Luciano Siqueira
Publicado no Blog da Revista Algomais
Em São Paulo, um jovem de 18 anos atira em alunos, professores e funcionários de uma escola e depois se mata. Um médico é acusado de esquartejar a namorada. As duas notícias, destaques no noticiário dos jornais, TV e rádio de todo o País, reforçaram, na última terça feira, o cotidiano de sangue, dor e tragédia que fazem parte do nosso universo urbano.
Muitos fatores concorrem para o incremento da violência em nossas cidades, dentre os quais o desemprego e o achatamento da massa salarial, a baixa escolaridade, a impunidade, a falência das instituições encarregadas da segurança, o distanciamento (crescente) do Estado em relação à maioria da população.
Ganha força, na atualidade, um outro fator: a violência-mercadoria.

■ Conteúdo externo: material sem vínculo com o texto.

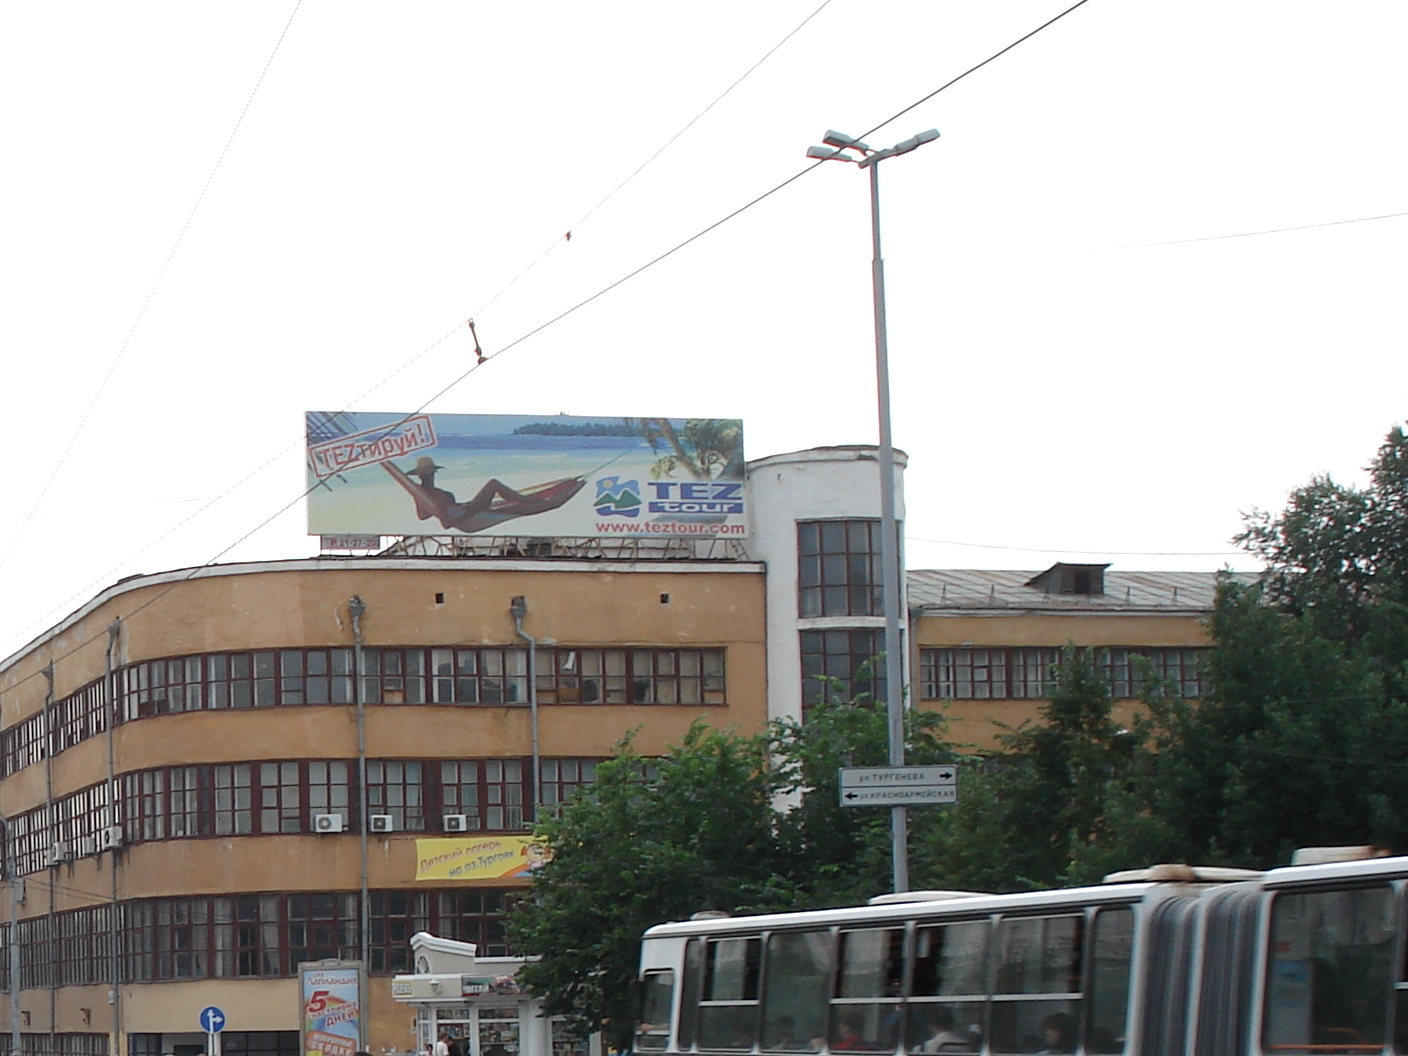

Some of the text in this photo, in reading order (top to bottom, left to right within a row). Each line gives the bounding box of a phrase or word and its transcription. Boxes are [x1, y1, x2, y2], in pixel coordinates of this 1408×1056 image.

[648, 482, 743, 500] TEZ
[657, 502, 735, 513] tour
[595, 521, 745, 534] www.teztour.com
[308, 991, 330, 1013] 5

Não se trata apenas da indústria de armamentos, nem da rede privada de empresas de segurança, que se agigantam e ostentam faturamentos altíssimos. Trata-se sobretudo da mídia eletrônica. Na grade de programação das redes de TV e das emissoras de rádio, programas e filmes centrados na temática da violência ocupam os espaços ditos nobres, detentores dos mais elevados índices de audiência - promovendo o que o sociólogo Laurindo Leal Filho (da USP e da Ong "Tver") denomina de "espetacularização da notícia".

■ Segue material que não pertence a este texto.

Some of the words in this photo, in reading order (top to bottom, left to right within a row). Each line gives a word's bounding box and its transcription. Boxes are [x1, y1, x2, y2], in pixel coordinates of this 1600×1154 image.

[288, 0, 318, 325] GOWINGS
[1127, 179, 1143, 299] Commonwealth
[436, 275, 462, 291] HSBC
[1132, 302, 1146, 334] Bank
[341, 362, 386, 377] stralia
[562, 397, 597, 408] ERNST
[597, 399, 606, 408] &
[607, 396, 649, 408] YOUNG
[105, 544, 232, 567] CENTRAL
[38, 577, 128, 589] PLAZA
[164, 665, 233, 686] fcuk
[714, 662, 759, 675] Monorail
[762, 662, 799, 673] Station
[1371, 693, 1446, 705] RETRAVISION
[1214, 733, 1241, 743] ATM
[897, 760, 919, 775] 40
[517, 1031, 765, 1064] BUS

O tema, via de regra, além do tom sensacionalista, recebe abordagem muito nociva, seja pela banalização da vida, seja pela exaltação de personagens (resguardados pela condição de autoridade constituída ou não) que se destacam pela prática da violência através de meios cada vez mais sofisticados e de grande poder destrutivo. Cultuam-se conceitos e valores que ferem os Direitos Humanos e, na prática, "justificam" o emprego da violência como forma de manutenção da ordem vigente ou da realização de interesses pessoais escusos.
Tal programação eleva os índices de audiência das emissoras e proporciona que os anúncios veiculados naqueles horários sejam negociados a preços altíssimos. As empresas anunciantes, por seu turno, obtêm grandes resultados em suas vendas.

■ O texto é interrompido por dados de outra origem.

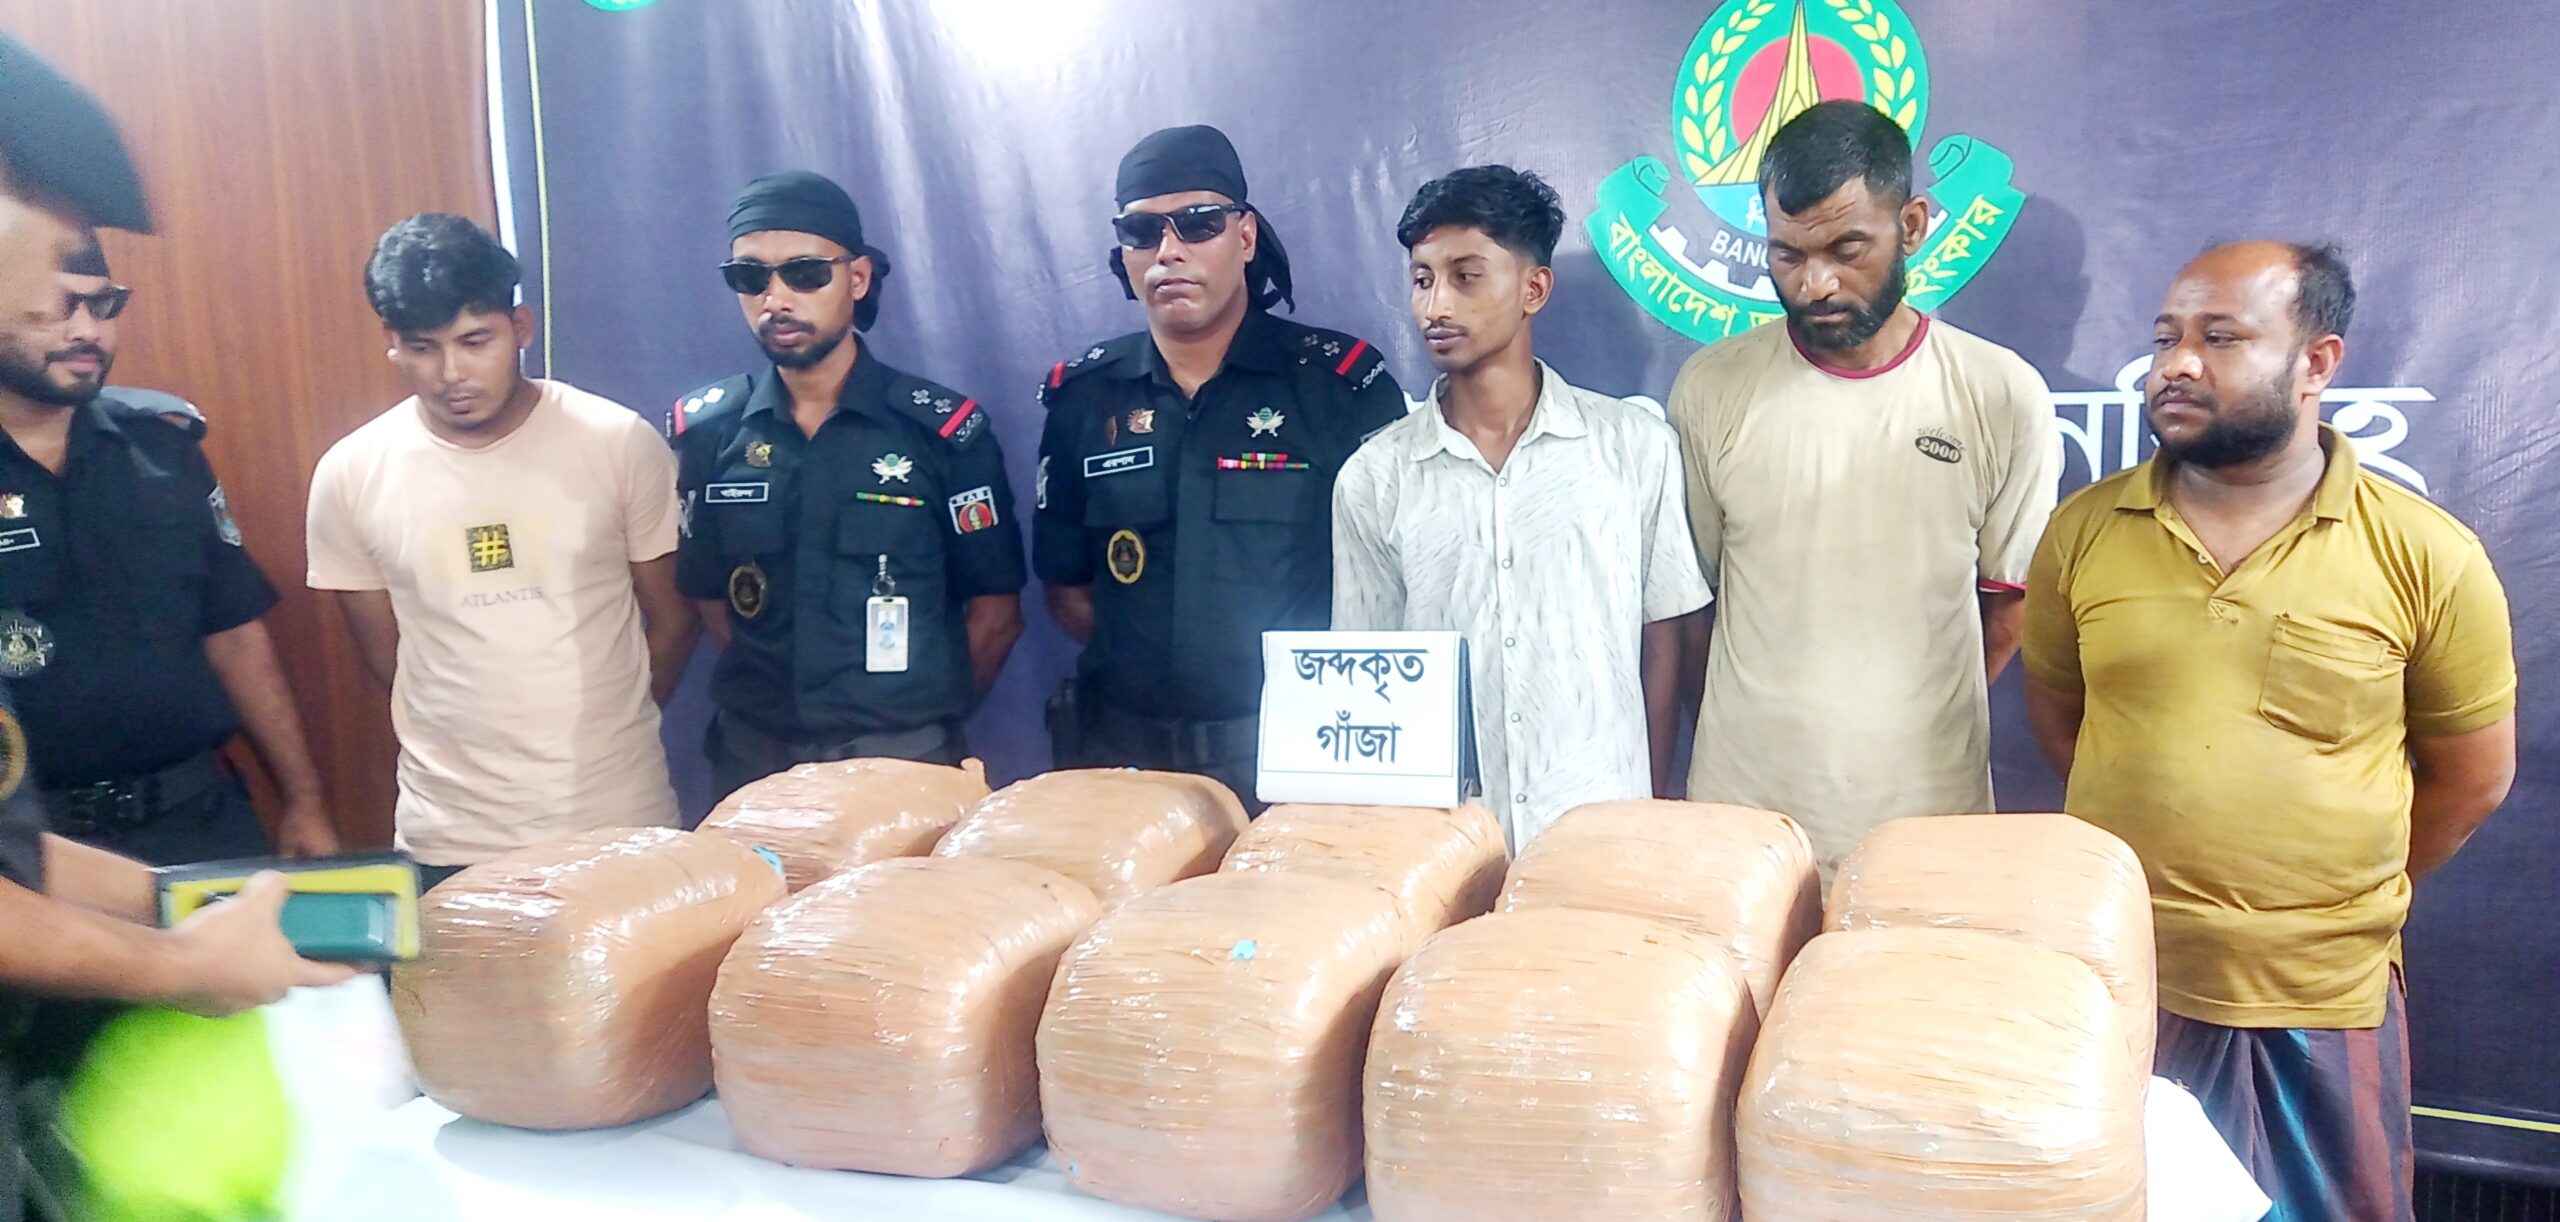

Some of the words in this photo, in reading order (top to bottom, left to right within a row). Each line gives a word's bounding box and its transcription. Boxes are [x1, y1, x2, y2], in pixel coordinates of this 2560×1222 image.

[1609, 211, 1739, 336] বাংলাদেশ
[1918, 437, 1959, 462] 2000
[1289, 648, 1430, 704] জব্দকৃত
[1316, 709, 1404, 764] গাঁজা

Tinha razão Karl Marx ao demonstrar (no volume 1 de "O Capital") que no capitalismo tudo se converte em mercadoria, "uma coisa que, por suas propriedades, satisfaz necessidades humanas, seja qual for a sua natureza, a origem delas, provenham do estômago ou da fantasia."
Daí se entender por que a mídia transforma gente como o jovem suicida e o médico assassino em produtos rentáveis.
(Este artigo, de 2003, republico-o agora por oportuno: nem os dias de carnaval nos livraram dos mórbidos programas policiais na TV).